● REQUIREMENT
Please reproduce the entries exactly, skipping each picture.

● SOURCE MATERIAL
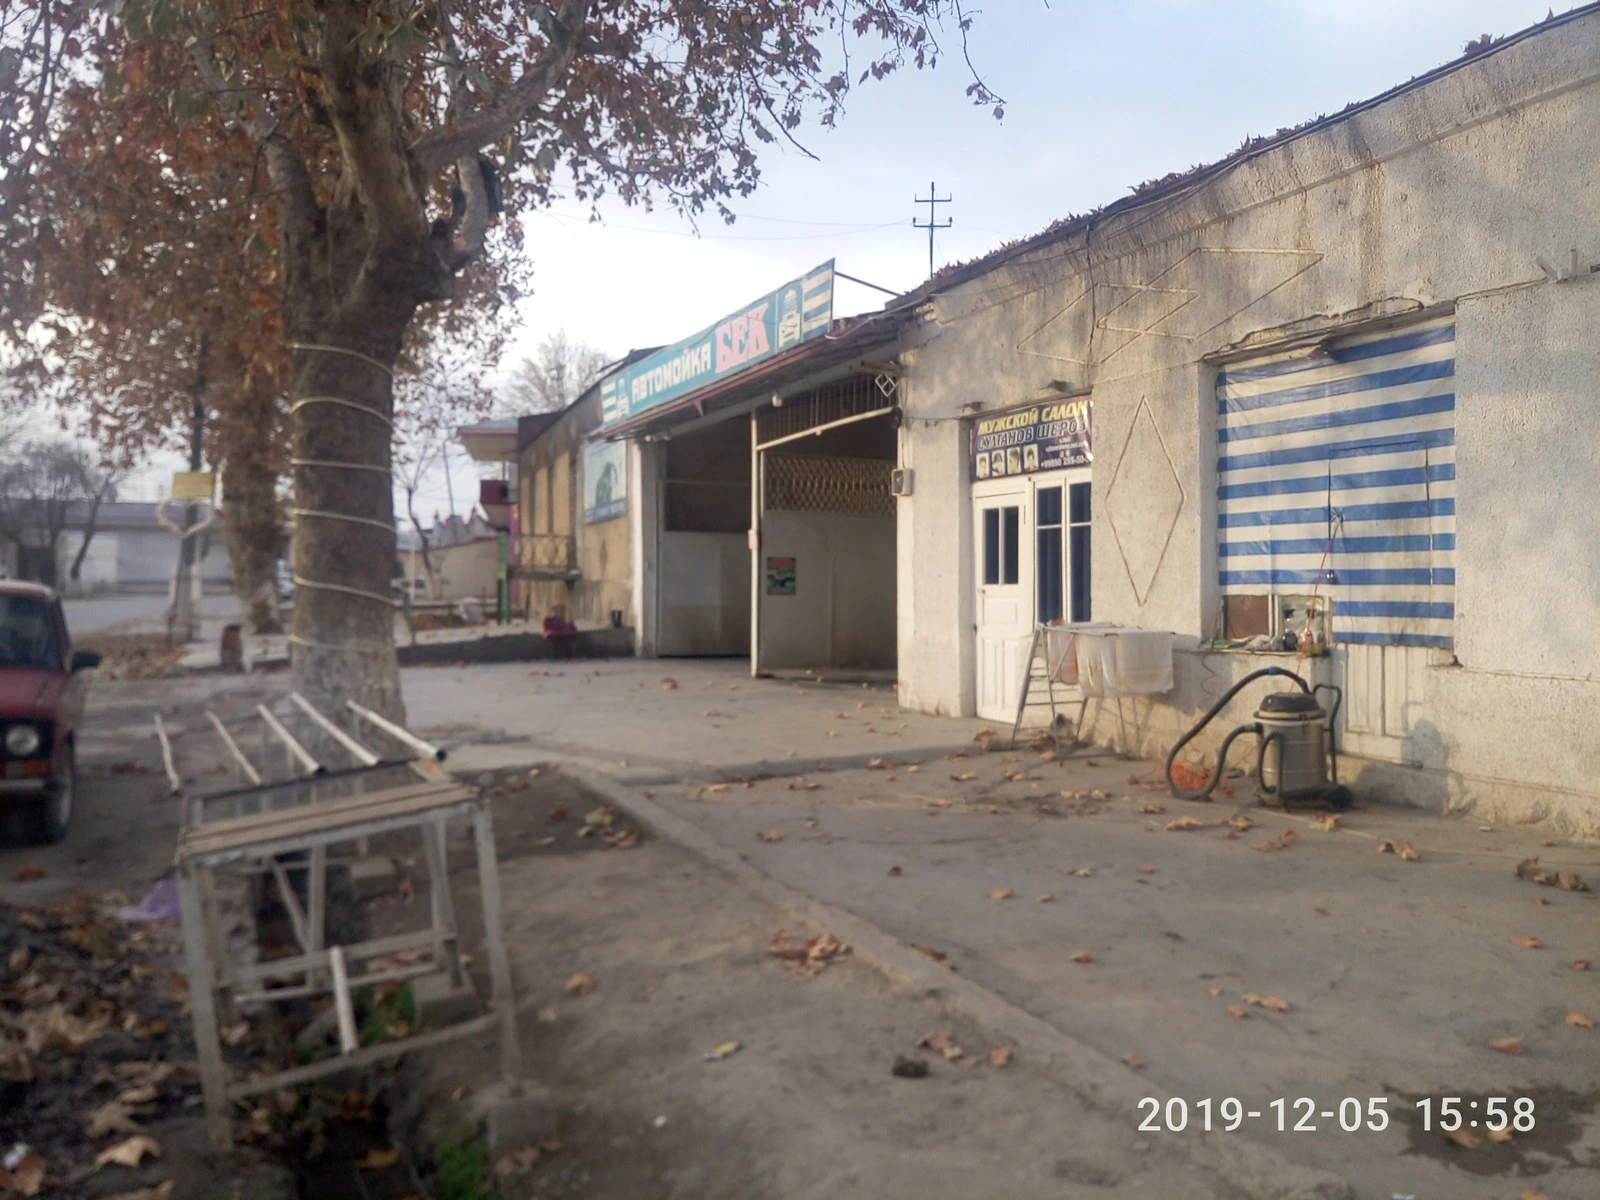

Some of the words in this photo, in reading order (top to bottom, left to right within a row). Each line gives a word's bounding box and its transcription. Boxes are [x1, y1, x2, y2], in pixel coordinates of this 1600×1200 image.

[631, 342, 712, 403] АВТОМОЙКА
[977, 407, 1039, 436] МУЖСКОЙ
[1041, 400, 1088, 423] САЛОН
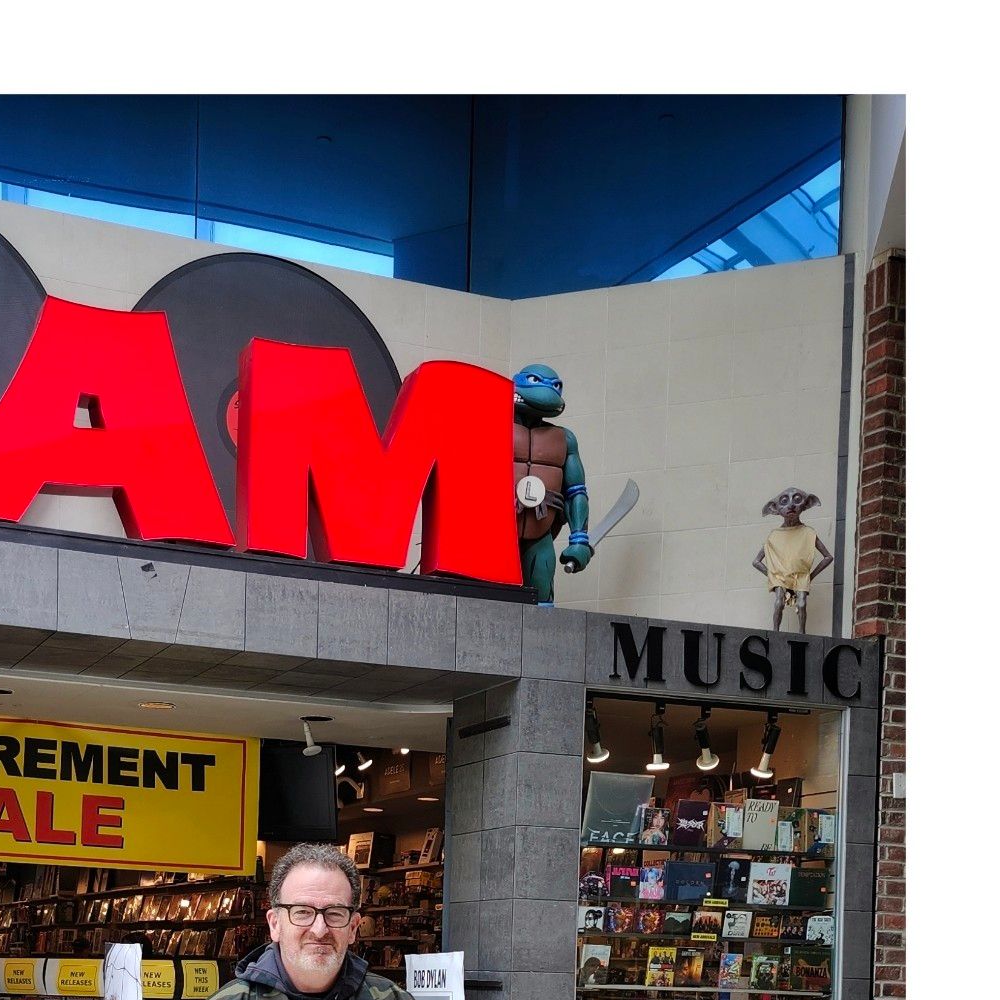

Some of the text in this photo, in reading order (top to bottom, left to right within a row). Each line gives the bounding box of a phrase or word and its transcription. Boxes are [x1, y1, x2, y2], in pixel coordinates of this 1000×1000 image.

[525, 481, 537, 502] L
[609, 622, 862, 699] MUSIC
[747, 801, 776, 813] READY
[747, 813, 758, 823] TO
[13, 969, 25, 977] NEW
[795, 966, 827, 977] BONANZA
[7, 977, 32, 985] RELEASES
[60, 979, 93, 987] RELEASES
[414, 969, 447, 988] BOB DYLAN

● ANSWER
Some of the words in this photo, in reading order (top to bottom, left to right within a row). Each line gives a word's bounding box and its transcription. Boxes are [x1, y1, x2, y2], in pixel coordinates of this 1600×1200 image.

[631, 342, 712, 403] АВТОМОЙКА
[977, 407, 1039, 436] МУЖСКОЙ
[1041, 400, 1088, 423] САЛОН

Some of the text in this photo, in reading order (top to bottom, left to right within a row). Each line gives the bounding box of a phrase or word and its transcription. Boxes are [x1, y1, x2, y2], in pixel coordinates of this 1000×1000 image.

[525, 481, 537, 502] L
[609, 622, 862, 699] MUSIC
[747, 801, 776, 813] READY
[747, 813, 758, 823] TO
[13, 969, 25, 977] NEW
[795, 966, 827, 977] BONANZA
[7, 977, 32, 985] RELEASES
[60, 979, 93, 987] RELEASES
[414, 969, 447, 988] BOB DYLAN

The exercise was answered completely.